Toplumsal yaşam içerisinde karşılaştığımız birçok eşitsizlik, çeşitli eşitsizlik biçimleriyle ilgili farklı farklı yaklaşımlar, farklı yönelimler var. Geçtiğimiz haftalarda ardımızda bıraktığımız anneler gününün hemen akabinde, “Umutlu yarınlar” yazımda bu eşitsizlik türlerinden biri olan, toplumsal cinsiyet eşitsizliği hakkında yazmıştım sizlere. Simone de Beauvoir’ı, “Kadın doğrulmaz, kadın olunur” sözü ile anmıştık beraberce.

İnsanların, cinsiyetlerinin farklılıklarına göre maruz kaldıkları, eşit olmayan tutum ve yaklaşımları anlatmak için kullanılan bir kavram olarak karşımıza çıkan, toplumsal cinsiyet eşitsizliğinin kökenine baktığımızda, toplumsal cinsiyetlere yüklenen rollerdeki farklılıkları görmekteyiz. Örneğin kadınlara sıklıkla bakım ve hizmet etme rolleri yükleyen toplum, erkeklere, özellikle de iş hayatında, genellikle akılla ve fiziki güçle yapılacak roller yükler.
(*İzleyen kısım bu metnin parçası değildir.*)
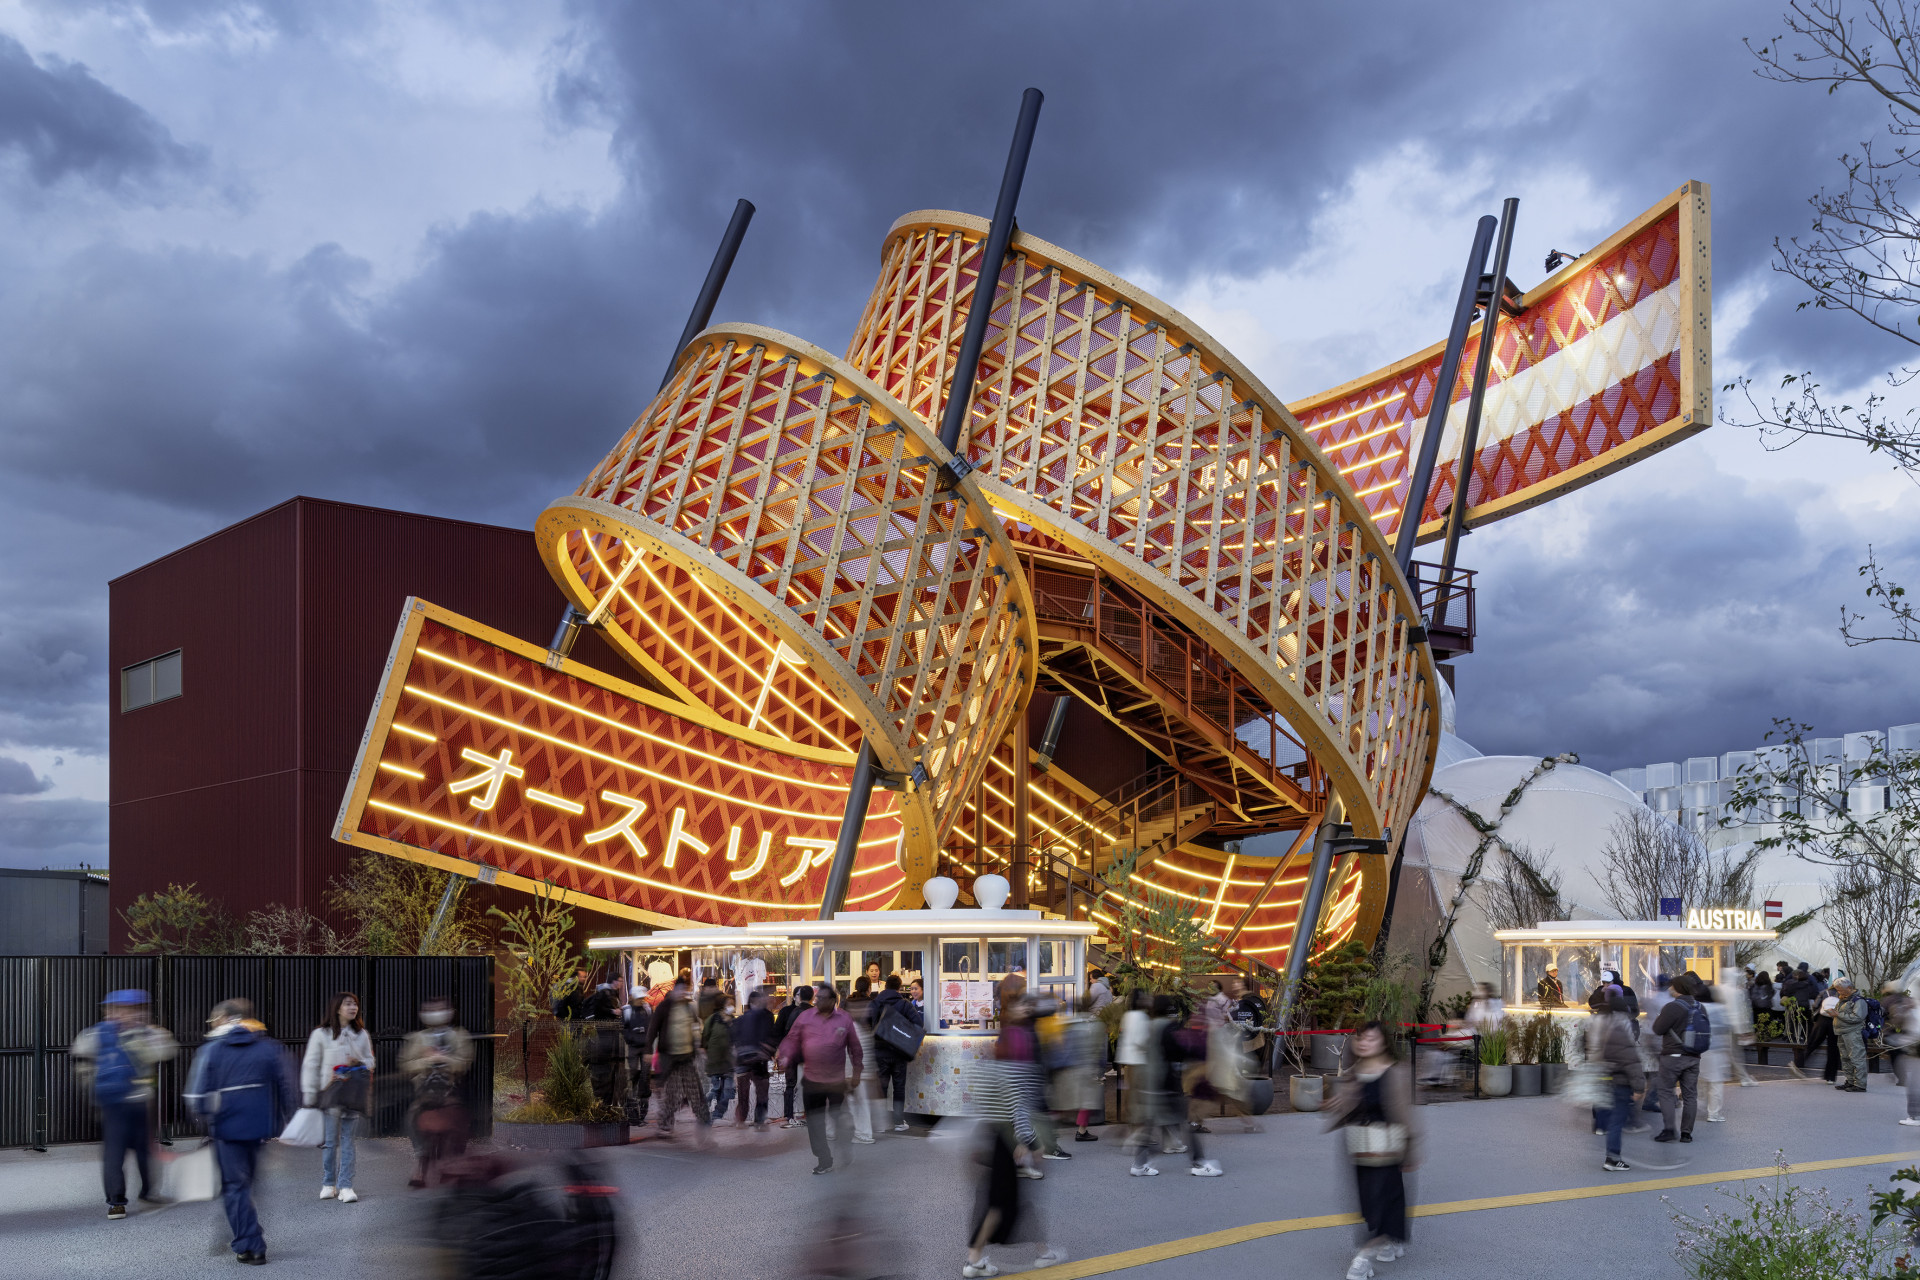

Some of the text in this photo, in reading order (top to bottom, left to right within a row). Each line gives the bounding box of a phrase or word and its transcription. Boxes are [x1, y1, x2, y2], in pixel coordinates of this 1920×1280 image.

[449, 748, 836, 887] オーストリア
[1687, 908, 1765, 930] AUSTRIA
Kız çocukları oyuncak bebeklerle oynatırken, erkek çocukları genellikle arabalarla oynatırlar. Toplumsal cinsiyet rollerini kabul eden bir ailede doğuyorsak ve bu eşitsiz durumu da sorgulamıyorsak, genellikle topluma ve ataerkil dünyaya uyumlu bireyler oluveririz.

İlginçtir; kadınlar bir şeyleri başardığında “erkek gibi kadın” cümlesi bir övgü olarak algılanırken, nedense bir erkeğe “kadın gibi erkek” denilirse eğer, bu söylem bir hakaret olarak kabul görür.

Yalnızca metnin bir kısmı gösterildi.